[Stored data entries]
..........

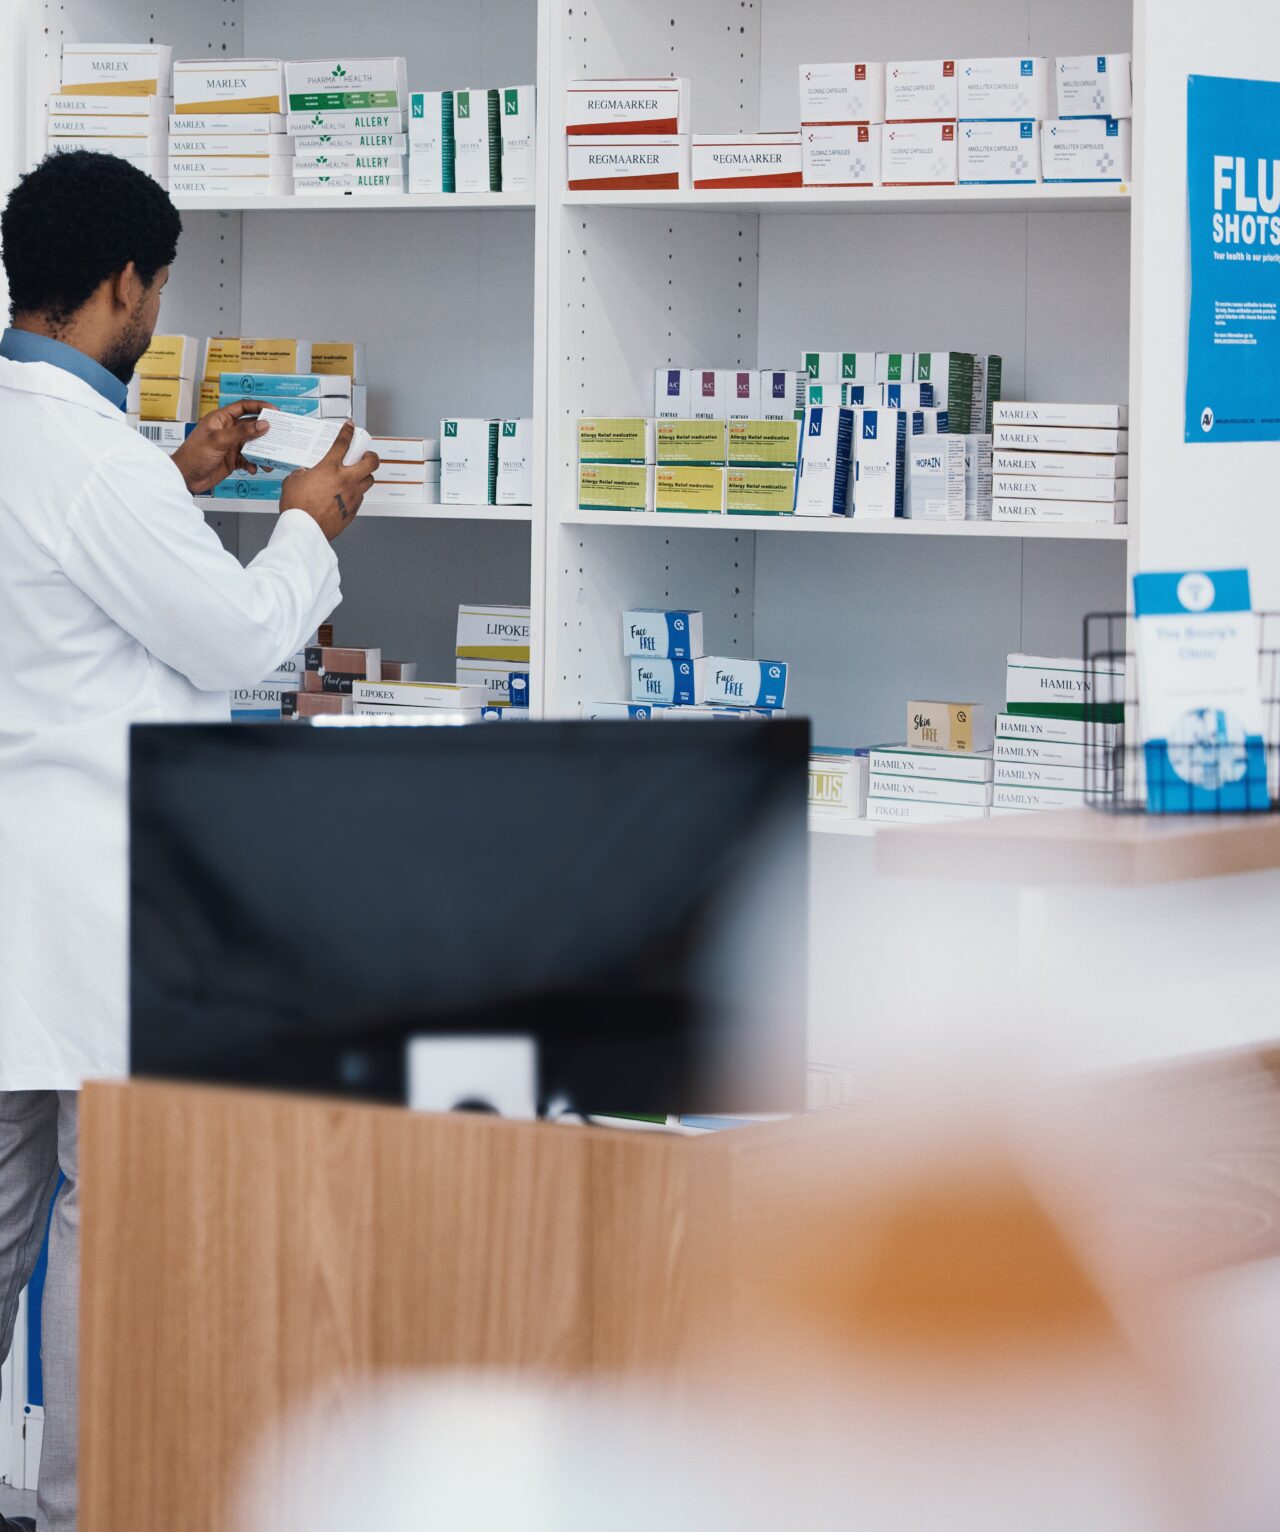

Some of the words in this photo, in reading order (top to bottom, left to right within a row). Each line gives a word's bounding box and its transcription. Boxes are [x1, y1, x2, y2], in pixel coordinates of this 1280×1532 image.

[92, 62, 128, 71] MARLEX
[207, 79, 247, 88] MARLEX
[55, 102, 85, 110] MARLEX
[413, 105, 422, 114] N
[459, 105, 467, 114] N
[507, 102, 515, 111] N
[588, 100, 658, 110] REGMAARKER
[53, 122, 85, 130] MARLEX
[355, 117, 388, 128] ALLERY
[360, 136, 393, 146] ALLERY
[356, 158, 388, 168] ALLERY
[589, 155, 659, 164] REGMAARKER
[713, 154, 782, 164] REGMAARKER
[358, 176, 390, 186] ALLERY
[1214, 155, 1280, 214] FLU
[1212, 212, 1280, 246] SHOTS
[1214, 251, 1225, 260] Your
[1227, 252, 1244, 261] health
[1246, 253, 1251, 261] is
[808, 365, 817, 375] N
[844, 365, 853, 375] N
[920, 367, 928, 376] N
[999, 410, 1038, 419] MARLEX
[447, 424, 455, 433] N
[505, 424, 513, 433] N
[811, 423, 820, 432] N
[865, 426, 874, 435] N
[1000, 434, 1039, 443] MARLEX
[998, 459, 1037, 469] MARLEX
[999, 483, 1037, 492] MARLEX
[998, 506, 1037, 515] MARLEX
[487, 624, 529, 637] LIPOKE
[631, 625, 646, 638] Face
[640, 637, 656, 650] FREE
[638, 668, 653, 682] Face
[716, 671, 735, 685] Face
[647, 681, 662, 694] FREE
[725, 682, 744, 697] FREE
[1040, 678, 1091, 692] HAMILYN
[360, 690, 395, 700] LIPOKEX
[914, 714, 931, 730] Skin
[1000, 723, 1043, 733] HAMILYN
[922, 728, 937, 743] FREE
[997, 746, 1039, 757] HAMILYN
[873, 759, 914, 770] HAMILYN
[998, 769, 1040, 780] HAMILYN
[873, 782, 914, 793] HAMILYN
[998, 794, 1040, 804] HAMILYN

..........

■ Task details
Would you write each entry out again exactly, omitting the images?

■ Solution below
Some of the words in this photo, in reading order (top to bottom, left to right within a row). Each line gives a word's bounding box and its transcription. Boxes are [x1, y1, x2, y2], in pixel coordinates of this 1280×1532 image.

[92, 62, 128, 71] MARLEX
[207, 79, 247, 88] MARLEX
[55, 102, 85, 110] MARLEX
[413, 105, 422, 114] N
[459, 105, 467, 114] N
[507, 102, 515, 111] N
[588, 100, 658, 110] REGMAARKER
[53, 122, 85, 130] MARLEX
[355, 117, 388, 128] ALLERY
[360, 136, 393, 146] ALLERY
[356, 158, 388, 168] ALLERY
[589, 155, 659, 164] REGMAARKER
[713, 154, 782, 164] REGMAARKER
[358, 176, 390, 186] ALLERY
[1214, 155, 1280, 214] FLU
[1212, 212, 1280, 246] SHOTS
[1214, 251, 1225, 260] Your
[1227, 252, 1244, 261] health
[1246, 253, 1251, 261] is
[808, 365, 817, 375] N
[844, 365, 853, 375] N
[920, 367, 928, 376] N
[999, 410, 1038, 419] MARLEX
[447, 424, 455, 433] N
[505, 424, 513, 433] N
[811, 423, 820, 432] N
[865, 426, 874, 435] N
[1000, 434, 1039, 443] MARLEX
[998, 459, 1037, 469] MARLEX
[999, 483, 1037, 492] MARLEX
[998, 506, 1037, 515] MARLEX
[487, 624, 529, 637] LIPOKE
[631, 625, 646, 638] Face
[640, 637, 656, 650] FREE
[638, 668, 653, 682] Face
[716, 671, 735, 685] Face
[647, 681, 662, 694] FREE
[725, 682, 744, 697] FREE
[1040, 678, 1091, 692] HAMILYN
[360, 690, 395, 700] LIPOKEX
[914, 714, 931, 730] Skin
[1000, 723, 1043, 733] HAMILYN
[922, 728, 937, 743] FREE
[997, 746, 1039, 757] HAMILYN
[873, 759, 914, 770] HAMILYN
[998, 769, 1040, 780] HAMILYN
[873, 782, 914, 793] HAMILYN
[998, 794, 1040, 804] HAMILYN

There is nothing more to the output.